Hence, we cannot make everyone richer.
Sometimes we can, sometimes we can't. If there is a mismatch between demand and capacity, because nominal purchasing power is not adequately distributed, then printing money and giving it to the poor will make them richer, because the productive system can meet their demand without raising prices. Indeed, factories running at capacity can sell things more cheaply than factories running at less than full capacity.
Of course, "short-sighted" solutions of money-giving don't work; they're short-sighted. But what about well-thought-out money-giving solutions?
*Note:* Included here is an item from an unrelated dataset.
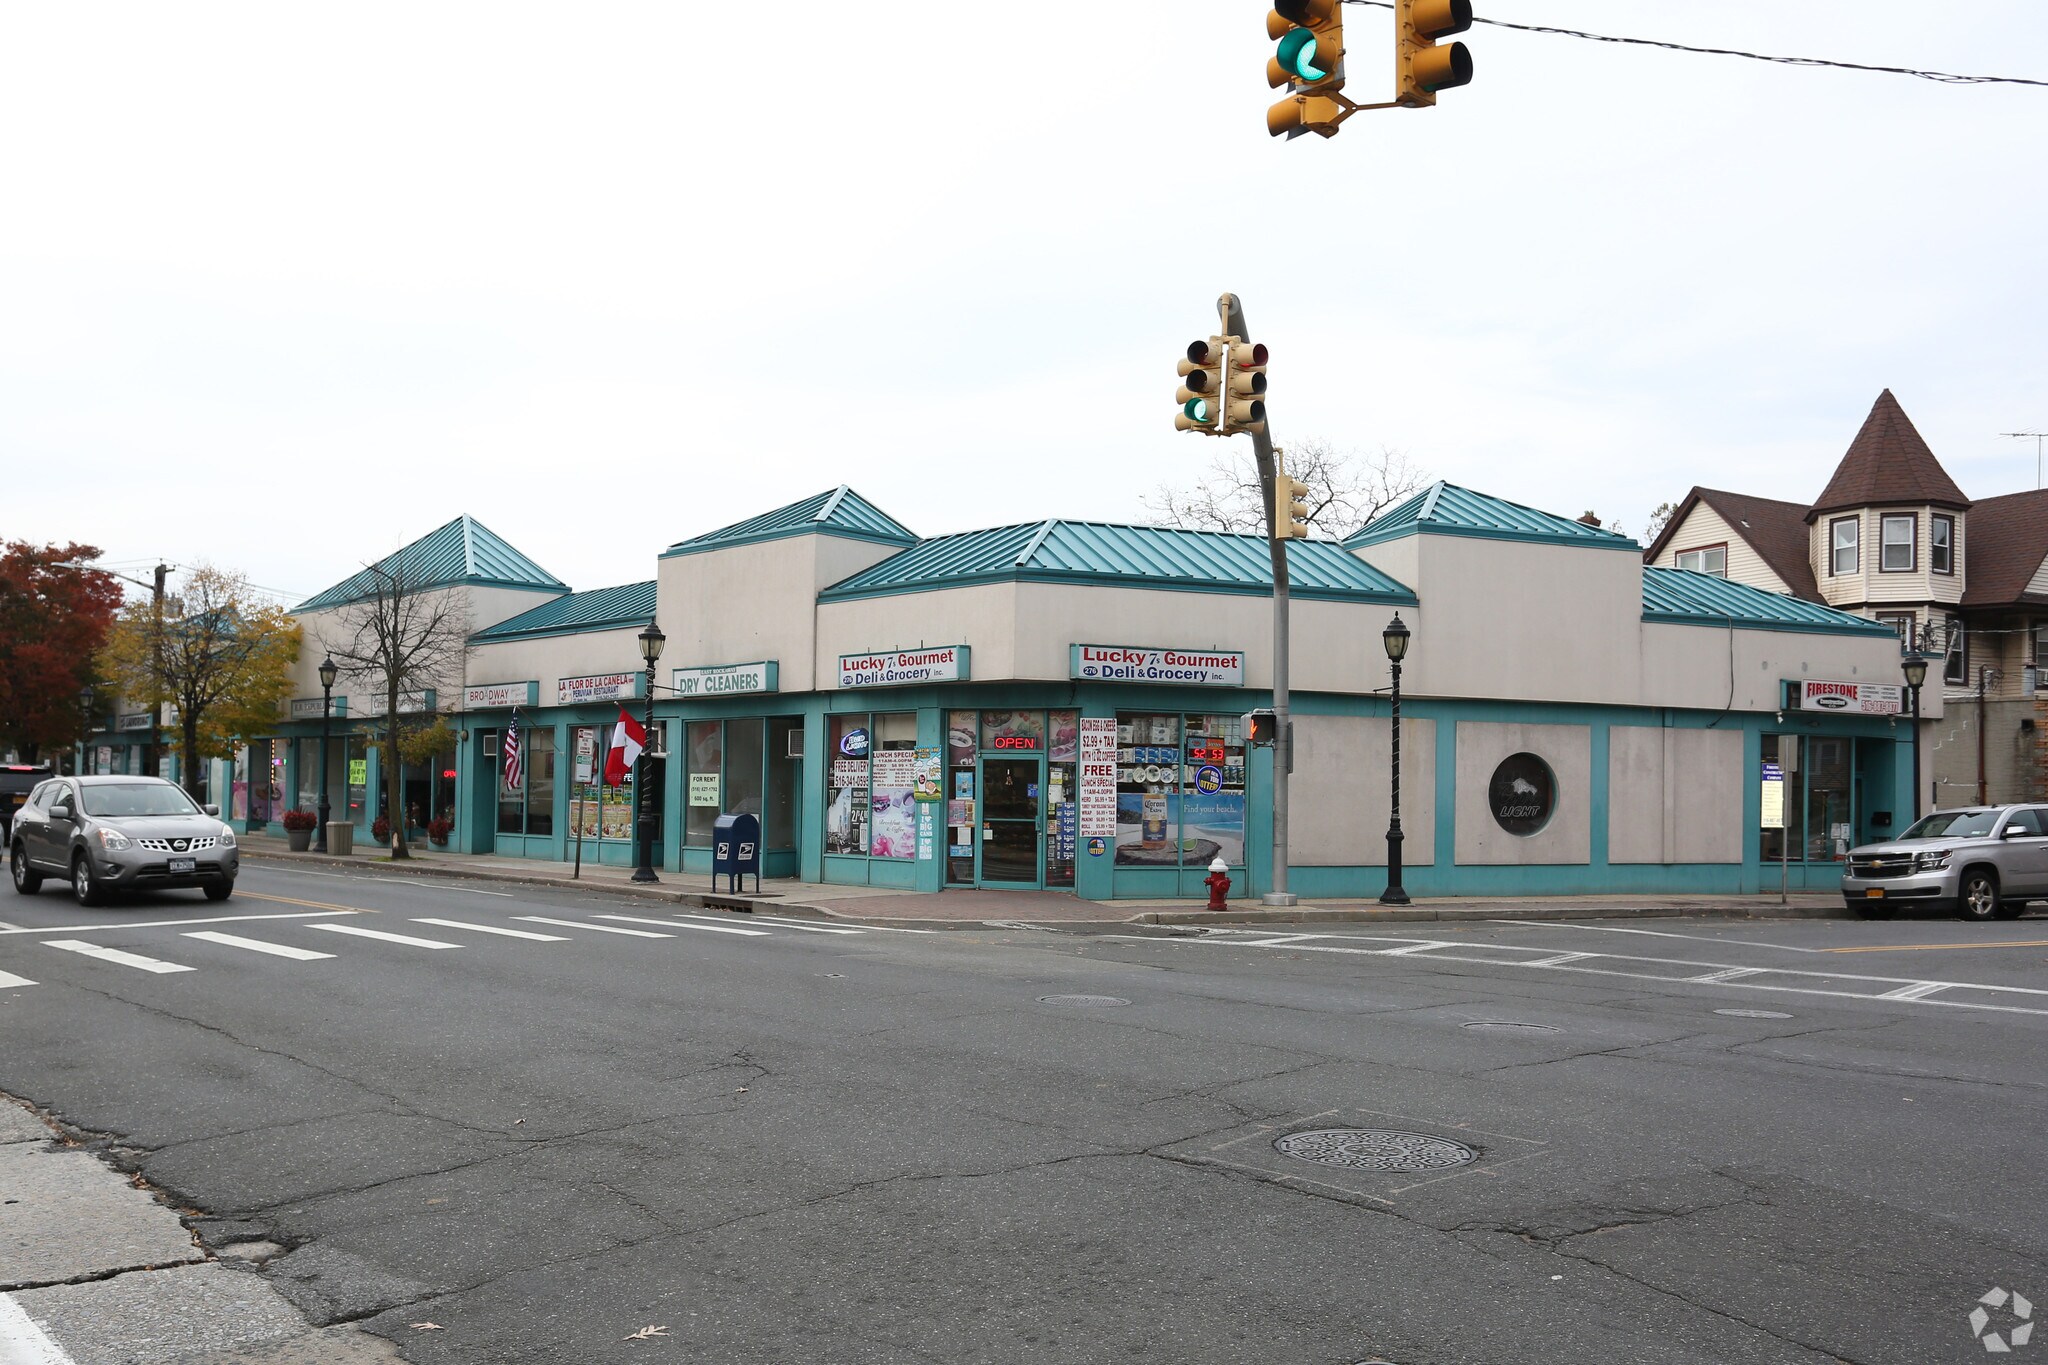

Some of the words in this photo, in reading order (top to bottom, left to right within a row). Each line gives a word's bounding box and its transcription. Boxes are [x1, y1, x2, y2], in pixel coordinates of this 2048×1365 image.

The pandemic relief is not being taxed by inflation. The "inflation" would have happened anyway, because the pandemic (and, perhaps, our trade policy) have disrupted the supply chain. This is not demand-pull inflation; it is supply shock inflation. There's a difference.
And yes, technology is taking jobs. Some technology increases performance. Trucks beat horses, and teamsters can become, well, teamsters. But some technology just does things more cheaply. Is the in-branch ATM really any faster than the nice lady at the window? No. It just costs less. These fine points matter.
As Euclid is said to have said to some King, there is no royal road to geometry. You can't learn "Economics in One Lesson." You have to have read enough other economists to know that Hazlitt was mostly wrong. Indeed, to say that we must not be stuck in the past and then cite Hazlitt is to ignore your own advice.